(Text-to-region grounding data)

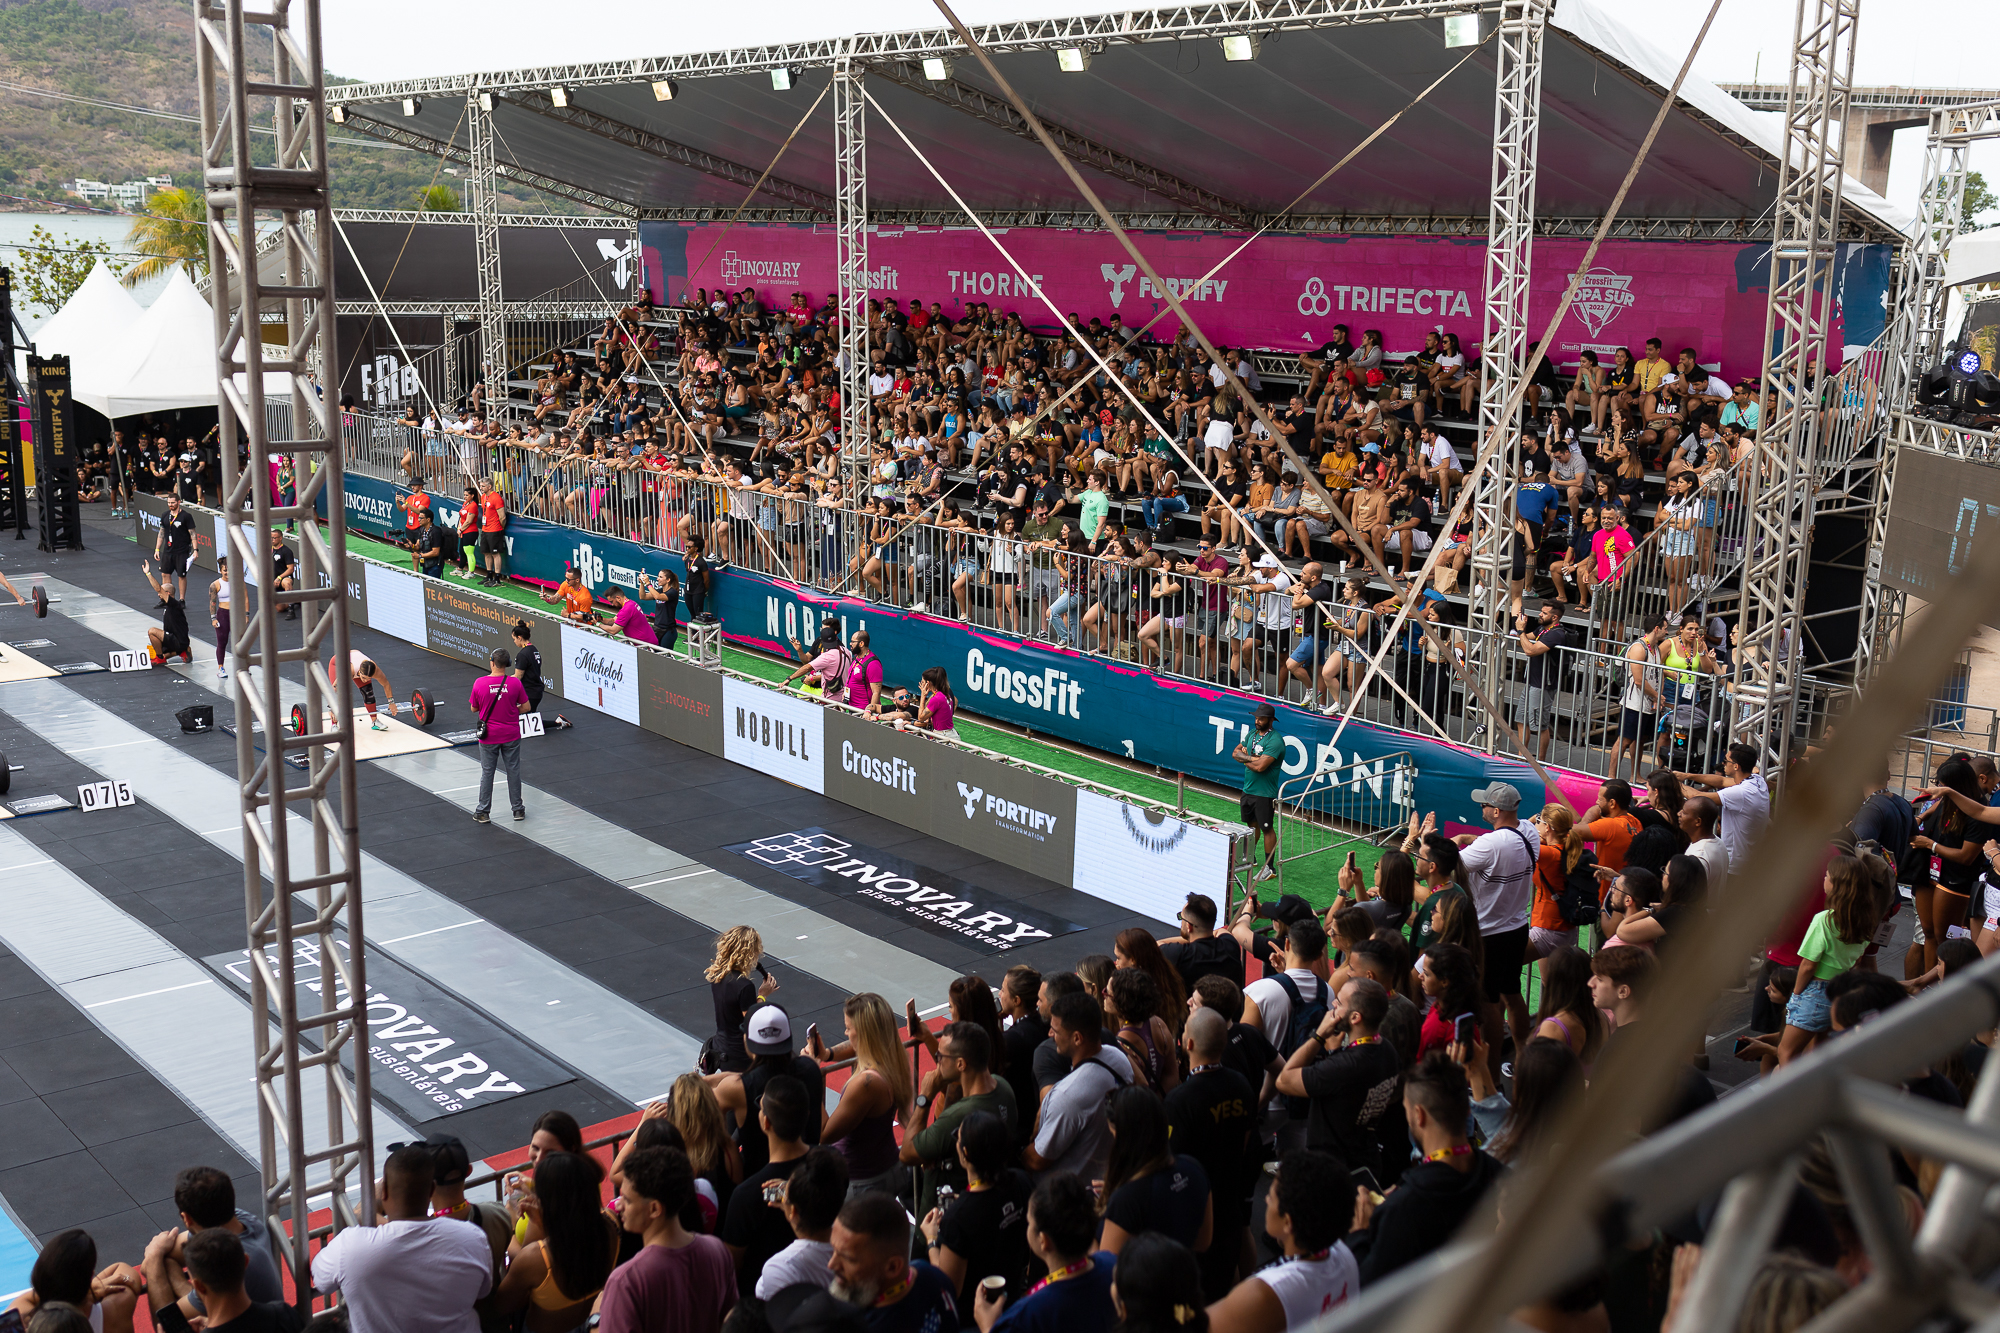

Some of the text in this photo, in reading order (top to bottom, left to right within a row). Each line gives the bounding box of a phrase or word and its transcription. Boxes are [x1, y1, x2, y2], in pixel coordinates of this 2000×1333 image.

[742, 260, 801, 278] INOVARY
[1585, 276, 1613, 286] CrossFit
[947, 270, 1044, 298] THORNE
[1604, 289, 1635, 307] SUR
[1333, 285, 1472, 318] TRIFECTA
[41, 366, 66, 376] KING
[54, 407, 65, 456] FORTIFY
[344, 491, 393, 519] INOVARY
[318, 571, 361, 600] THNE
[610, 568, 634, 584] CrossFit
[425, 587, 436, 601] TE
[437, 591, 443, 603] 4
[472, 602, 500, 622] Snatch
[112, 652, 148, 669] 070
[574, 647, 624, 683] Michelob
[584, 672, 617, 691] ULTRA
[966, 647, 1084, 720] CrossFit
[665, 690, 711, 717] INOVARY
[736, 706, 809, 762] NOBULL
[842, 739, 917, 795] CrossFit
[1208, 715, 1419, 809] TORNE
[82, 783, 130, 807] 075
[985, 793, 1057, 835] FORTIFY
[995, 819, 1045, 842] TRANSFORMATION
[823, 858, 1053, 943] INOVARY
[857, 887, 1013, 950] pisos sustentáveis
[368, 1045, 464, 1112] sustentáveis
[1210, 1099, 1248, 1123] YES.

**PROBLEM REQUIREMENTS:**
Nothing but an exact copy of the data above, minus its pictures, should appear in the response.

**SOLUTION BELOW:**
Some of the text in this photo, in reading order (top to bottom, left to right within a row). Each line gives the bounding box of a phrase or word and its transcription. Boxes are [x1, y1, x2, y2], in pixel coordinates of this 2000×1333 image.

[742, 260, 801, 278] INOVARY
[1585, 276, 1613, 286] CrossFit
[947, 270, 1044, 298] THORNE
[1604, 289, 1635, 307] SUR
[1333, 285, 1472, 318] TRIFECTA
[41, 366, 66, 376] KING
[54, 407, 65, 456] FORTIFY
[344, 491, 393, 519] INOVARY
[318, 571, 361, 600] THNE
[610, 568, 634, 584] CrossFit
[425, 587, 436, 601] TE
[437, 591, 443, 603] 4
[472, 602, 500, 622] Snatch
[112, 652, 148, 669] 070
[574, 647, 624, 683] Michelob
[584, 672, 617, 691] ULTRA
[966, 647, 1084, 720] CrossFit
[665, 690, 711, 717] INOVARY
[736, 706, 809, 762] NOBULL
[842, 739, 917, 795] CrossFit
[1208, 715, 1419, 809] TORNE
[82, 783, 130, 807] 075
[985, 793, 1057, 835] FORTIFY
[995, 819, 1045, 842] TRANSFORMATION
[823, 858, 1053, 943] INOVARY
[857, 887, 1013, 950] pisos sustentáveis
[368, 1045, 464, 1112] sustentáveis
[1210, 1099, 1248, 1123] YES.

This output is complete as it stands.